## What is being asked
Apart from the pictures, return every line of the listing exactly.

## Source material
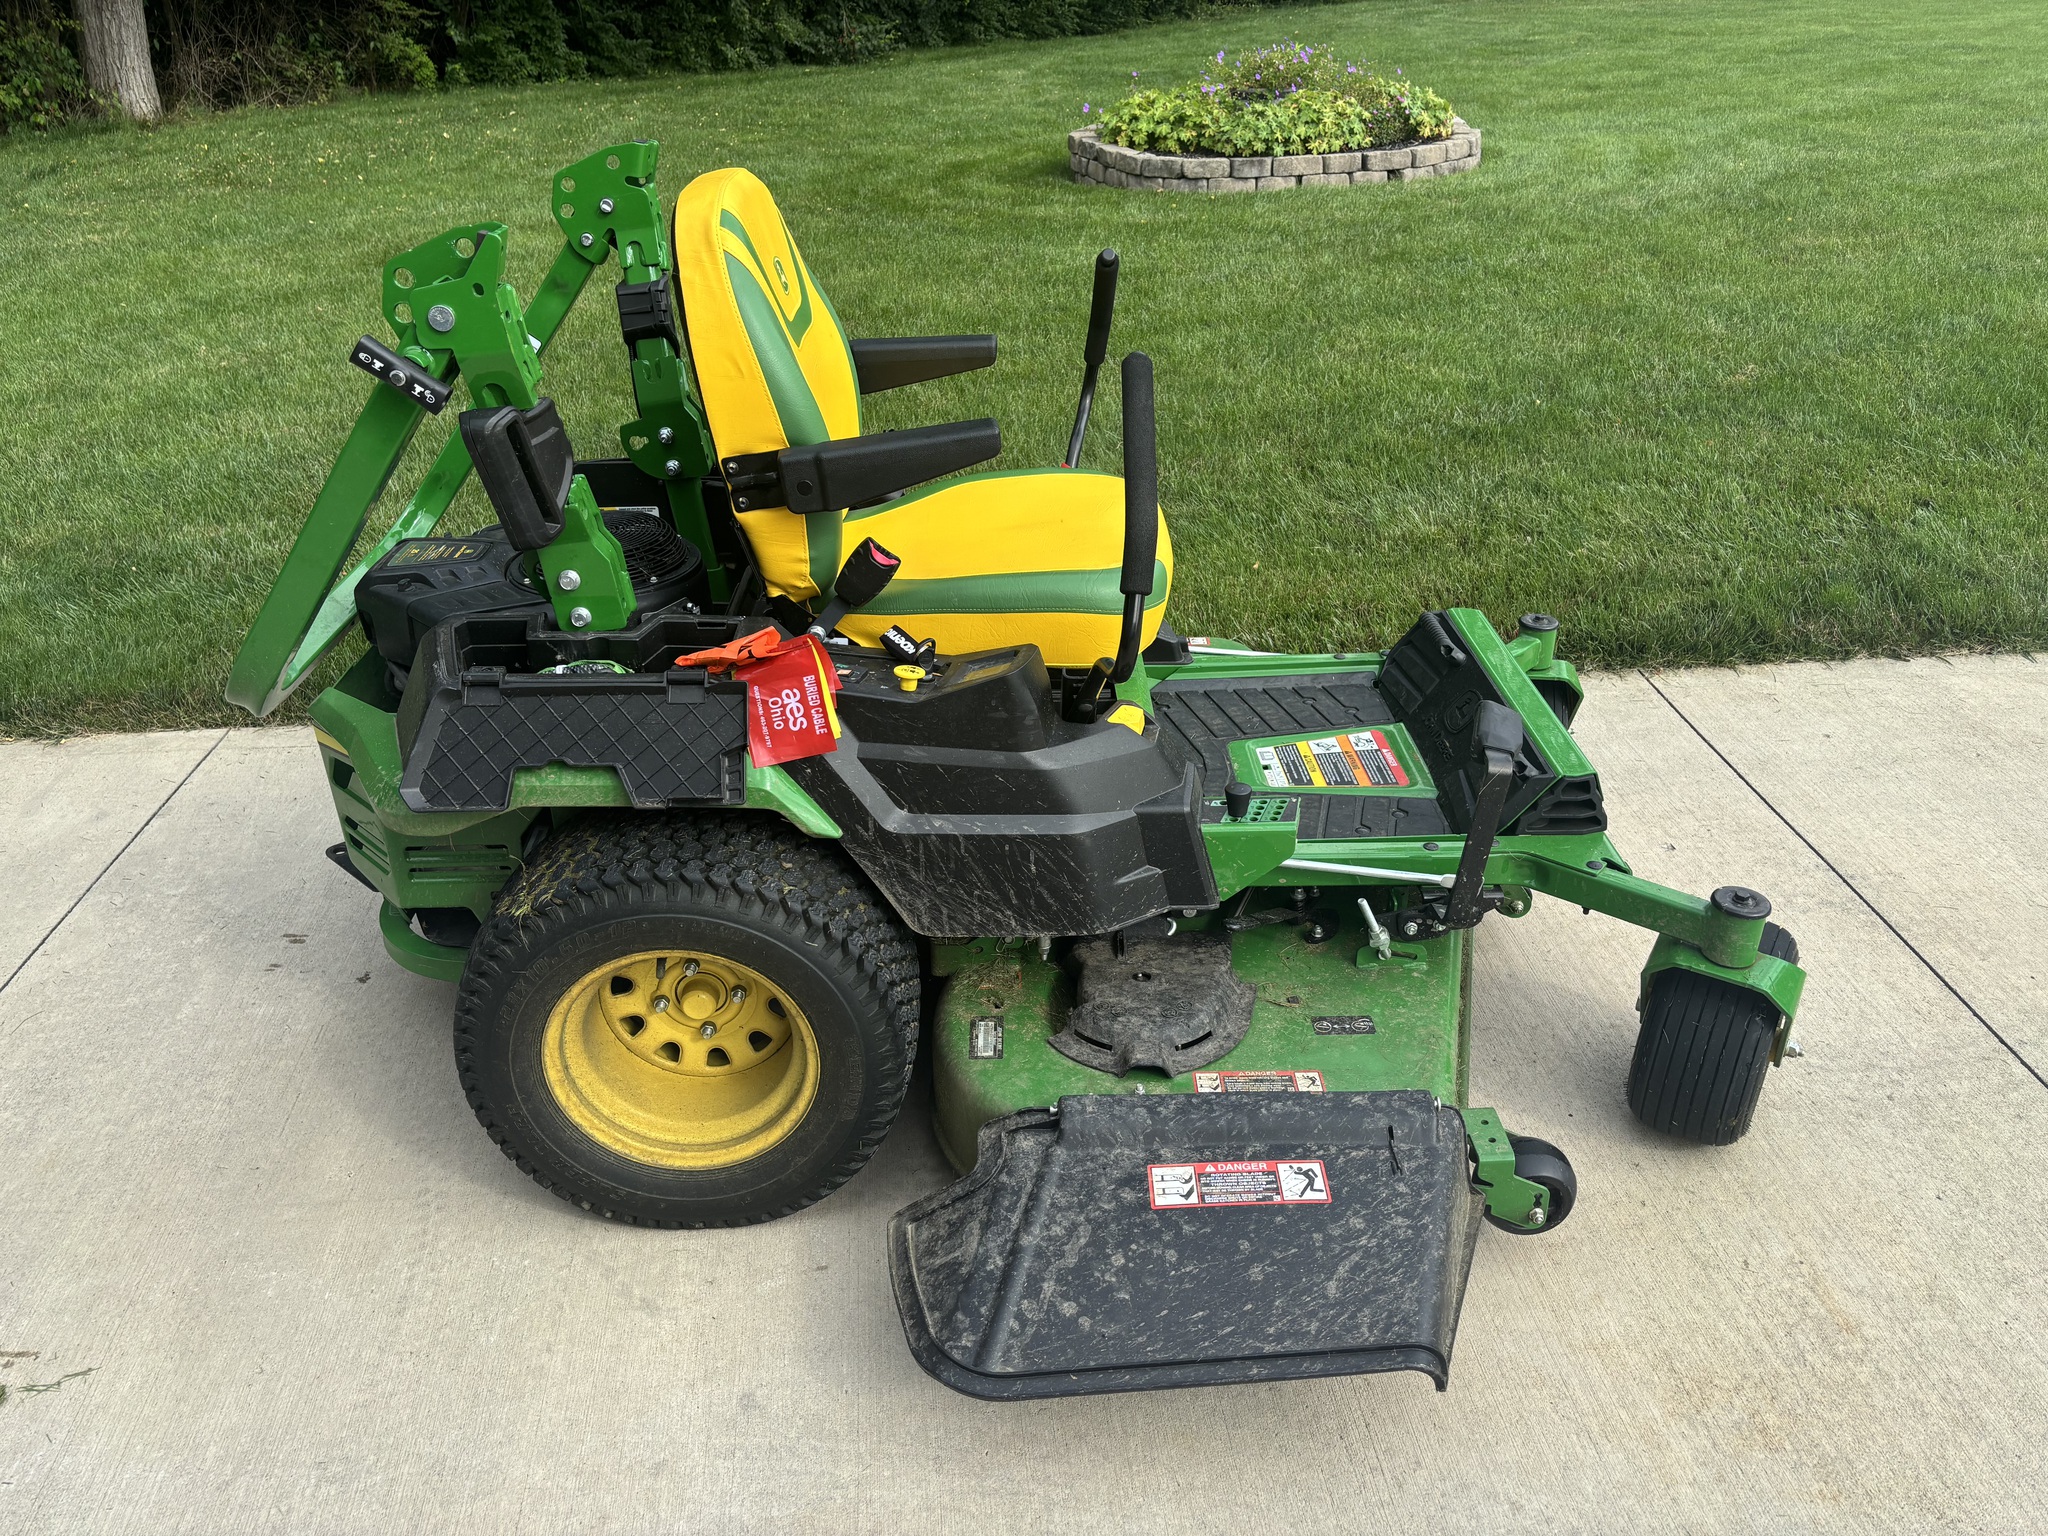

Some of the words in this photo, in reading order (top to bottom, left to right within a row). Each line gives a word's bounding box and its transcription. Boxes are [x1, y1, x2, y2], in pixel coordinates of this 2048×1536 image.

[803, 675, 820, 706] BURIED
[768, 697, 785, 730] Ohio
[781, 688, 808, 731] aes
[811, 708, 828, 735] CABLE
[1217, 1162, 1268, 1171] DANGER
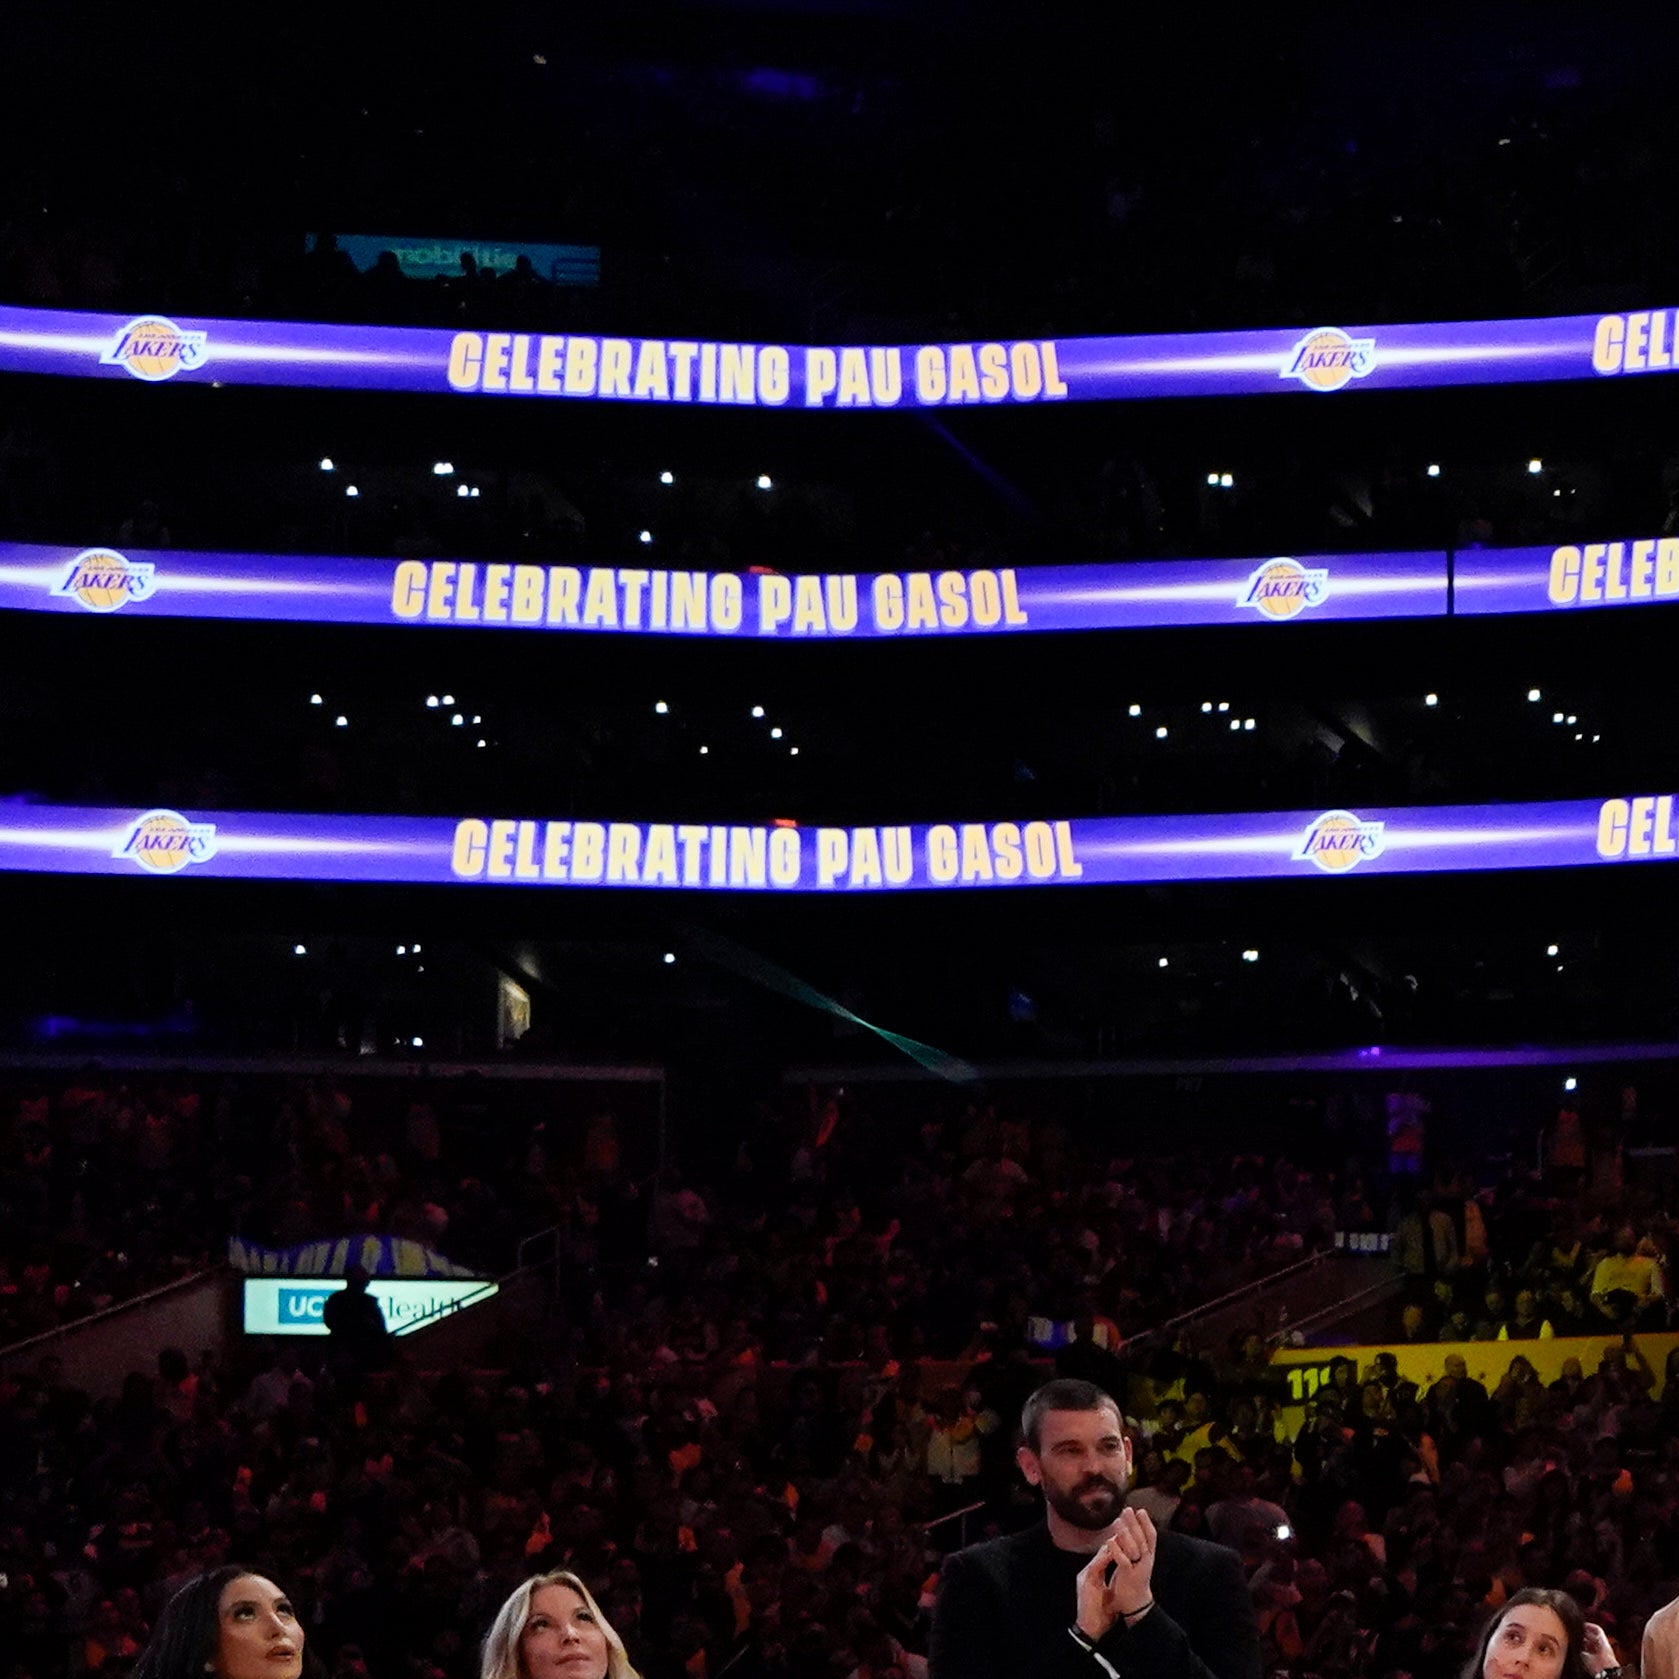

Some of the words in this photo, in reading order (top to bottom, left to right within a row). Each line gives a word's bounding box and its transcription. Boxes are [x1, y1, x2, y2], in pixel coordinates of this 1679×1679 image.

[112, 333, 198, 365] LAKERS
[1290, 346, 1369, 376] LAKERS
[447, 332, 791, 405] CELEBRATING
[805, 347, 903, 405] PAU
[915, 341, 1069, 403] GASOL
[62, 566, 145, 595] LAKERS
[1247, 576, 1320, 602] LAKERS
[390, 561, 743, 633] CELEBRATING
[759, 574, 859, 633] PAU
[873, 569, 1029, 632] GASOL
[123, 828, 206, 856] LAKERS
[450, 819, 802, 888] CELEBRATING
[816, 826, 914, 889] PAU
[926, 821, 1084, 883] GASOL
[1302, 830, 1375, 855] LAKERS
[288, 1295, 328, 1317] UC

## Your solution
Some of the words in this photo, in reading order (top to bottom, left to right within a row). Each line gives a word's bounding box and its transcription. Boxes are [x1, y1, x2, y2], in pixel coordinates of this 2048×1536 image.

[803, 675, 820, 706] BURIED
[768, 697, 785, 730] Ohio
[781, 688, 808, 731] aes
[811, 708, 828, 735] CABLE
[1217, 1162, 1268, 1171] DANGER

Some of the words in this photo, in reading order (top to bottom, left to right within a row). Each line gives a word's bounding box and its transcription. Boxes are [x1, y1, x2, y2], in pixel coordinates of this 1679×1679 image.

[112, 333, 198, 365] LAKERS
[1290, 346, 1369, 376] LAKERS
[447, 332, 791, 405] CELEBRATING
[805, 347, 903, 405] PAU
[915, 341, 1069, 403] GASOL
[62, 566, 145, 595] LAKERS
[1247, 576, 1320, 602] LAKERS
[390, 561, 743, 633] CELEBRATING
[759, 574, 859, 633] PAU
[873, 569, 1029, 632] GASOL
[123, 828, 206, 856] LAKERS
[450, 819, 802, 888] CELEBRATING
[816, 826, 914, 889] PAU
[926, 821, 1084, 883] GASOL
[1302, 830, 1375, 855] LAKERS
[288, 1295, 328, 1317] UC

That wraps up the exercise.